The IRS' new not-for-profit rules came out just as the Securities and Exchange Commission published its own rule changes that would give investors and watchdogs more explicit reporting of how and how much governing boards award executives in perks, benefits, incentives and salaries. New rules call for investor-owned companies to produce a first-ever grand total of the chief executive's compensation. Not only that, but disclosure must be in "plain English" (Jan. 23, p. 12).
In both cases, regulators targeted concerns that poor disclosure kept the public uninformed and left companies vulnerable to abuse. The SEC argued its revamp was necessary so shareholders could gain information to ensure the market compensates executives appropriately, says Steve Seelig, executive compensation counsel for Watson Wyatt Worldwide.
Congressional critics, consumer advocates and state attorneys general say the same transparency is needed among not-for-profits to guarantee tax-exempt organizations deliver on their charitable mission.
Recent so-called soft audits by the IRS of not-for-profits, including hospitals and health systems, turned up several compensation concerns, including potential conflicts of interest among committees that set CEO pay and unreported fringe benefits and perks, such as company cars. In a recent letter to the AHA, Senate Finance Committee Chairman Chuck Grassley (R-Iowa) cites executive compensation among his numerous concerns about tax-exempt healthcare's governance.
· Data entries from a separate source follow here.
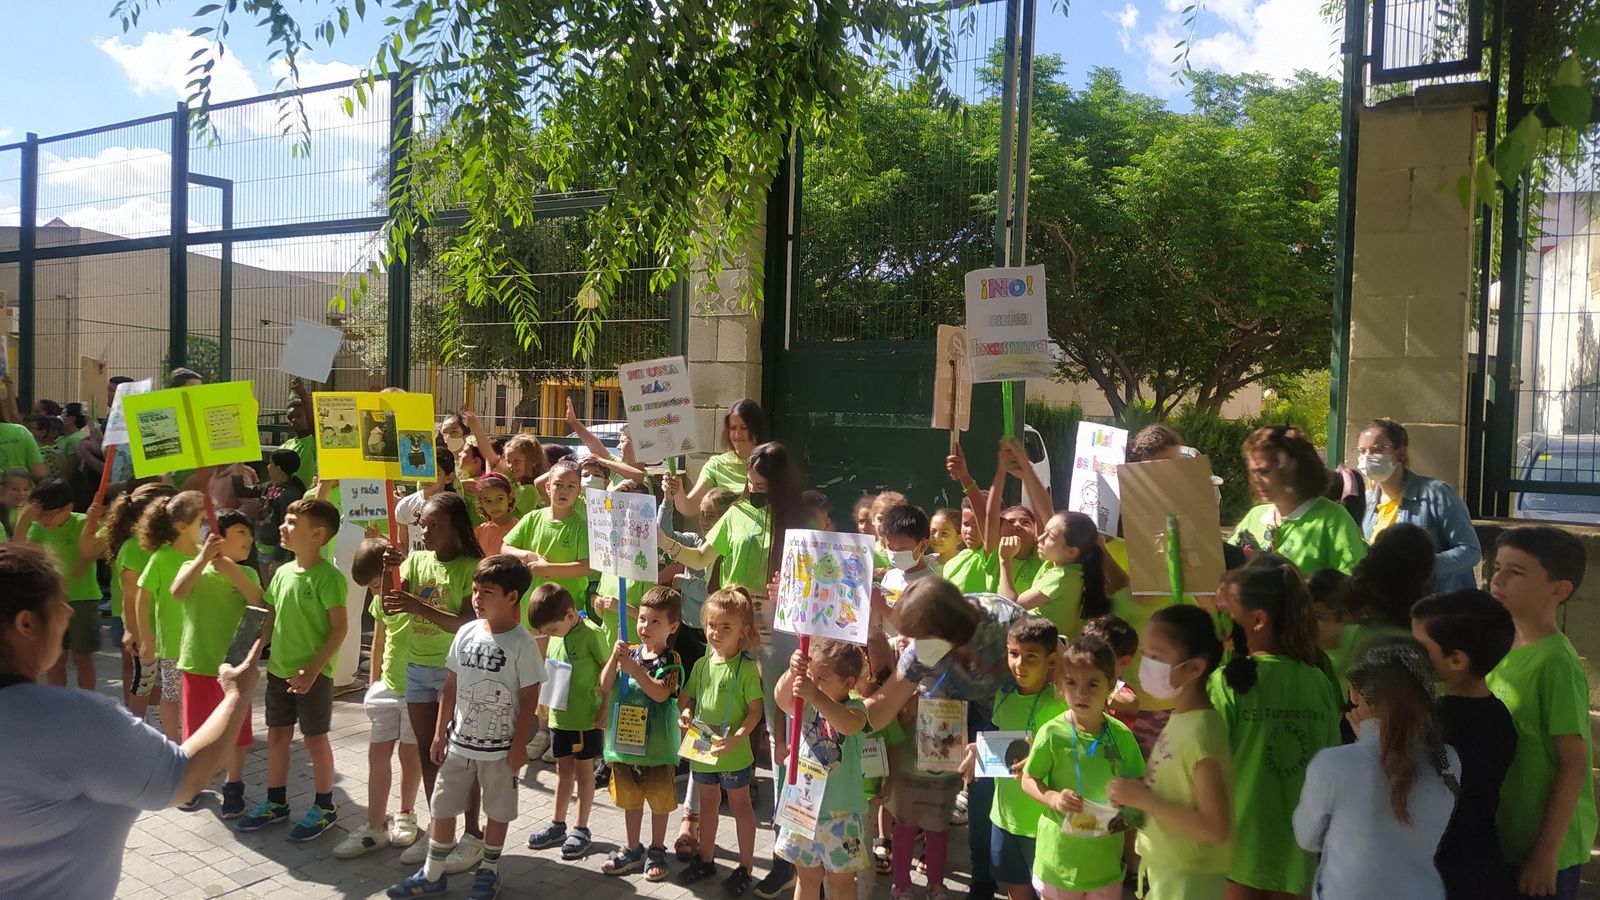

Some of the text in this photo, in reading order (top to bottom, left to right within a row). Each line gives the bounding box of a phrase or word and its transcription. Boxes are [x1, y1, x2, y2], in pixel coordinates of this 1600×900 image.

[981, 276, 1034, 300] ¡NO!
[352, 484, 379, 498] y más
[349, 504, 387, 518] cultura
[461, 639, 504, 659] STAR
[460, 652, 507, 672] WARS
The IRS' soft audits focused on poorly reported facets of not-for-profits' executive compensation, particularly perks and deferred compensation that are expected to accrue value, says McDermott, Will & Emery partner Ralph DeJong. Further 990 changes may not emerge before late 2006, but expect the IRS to act on shortcomings uncovered by soft audits and SEC reforms, he says. "The SEC is out there ahead of the curve" and the IRS may follow, DeJong says.
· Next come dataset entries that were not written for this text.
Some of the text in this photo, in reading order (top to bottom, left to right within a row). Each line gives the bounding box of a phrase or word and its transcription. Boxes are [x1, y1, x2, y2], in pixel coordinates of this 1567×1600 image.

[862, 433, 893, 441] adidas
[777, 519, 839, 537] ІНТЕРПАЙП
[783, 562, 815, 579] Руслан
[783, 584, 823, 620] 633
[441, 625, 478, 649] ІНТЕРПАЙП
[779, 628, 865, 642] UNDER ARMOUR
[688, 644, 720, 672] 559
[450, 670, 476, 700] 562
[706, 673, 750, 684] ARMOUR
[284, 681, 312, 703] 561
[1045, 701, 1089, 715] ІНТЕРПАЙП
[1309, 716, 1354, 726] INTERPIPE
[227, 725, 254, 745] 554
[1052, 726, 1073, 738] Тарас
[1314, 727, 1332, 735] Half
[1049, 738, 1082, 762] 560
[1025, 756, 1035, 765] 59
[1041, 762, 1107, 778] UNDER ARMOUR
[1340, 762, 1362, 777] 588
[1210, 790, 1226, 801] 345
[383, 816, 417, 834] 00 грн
Just as the federal Sarbanes-Oxley Act, aimed at improving governance among investor-owned companies, raised expectations for all companies, so may the SEC's reforms improve executive compensation disclosure among not-for-profits, agrees Richard Menson, a partner with McGuireWoods.
As it stands, data by which to compare compensation among healthcare association executives are hard to come by. Healthcare and medical associations made up 16% of roughly 680 organizations included in the American Society of Association Executives' 2004 survey of top executives' pay and other compensation. However, few surveyed reported the revenue of giants such as the Blue Cross and Blue Shield Association's $270.6 million or the AHA's $91.3 million, and the society found a strong link between revenue and compensation. Larger organizations usually pay higher salaries.
Overall, chief executives of associations with $15 million or more in revenue reported median compensation of $304,107 in 2004, up 6% from $286,000 in 2002, the society found. In 2004, healthcare and medical trade group chief executives reported median compensation of $155,185; comparable figures from 2002 are not available, says Chris Vest, a society spokesman. Witt/Kieffer's Williams, who handles healthcare association executive searches, says compensation comparisons yield little valuable information given the sector's diversity in size, membership, services and executives' experience levels.
In a competitive market for top talent, not-for-profit healthcare association executives may enjoy an advantage. Turnover is low among association executives, in part because boards strive to keep leaders who can successfully juggle the public policy concerns, internal politics and the ins and outs of healthcare's complex market, "and that's sometimes reflected in compensation," Williams says.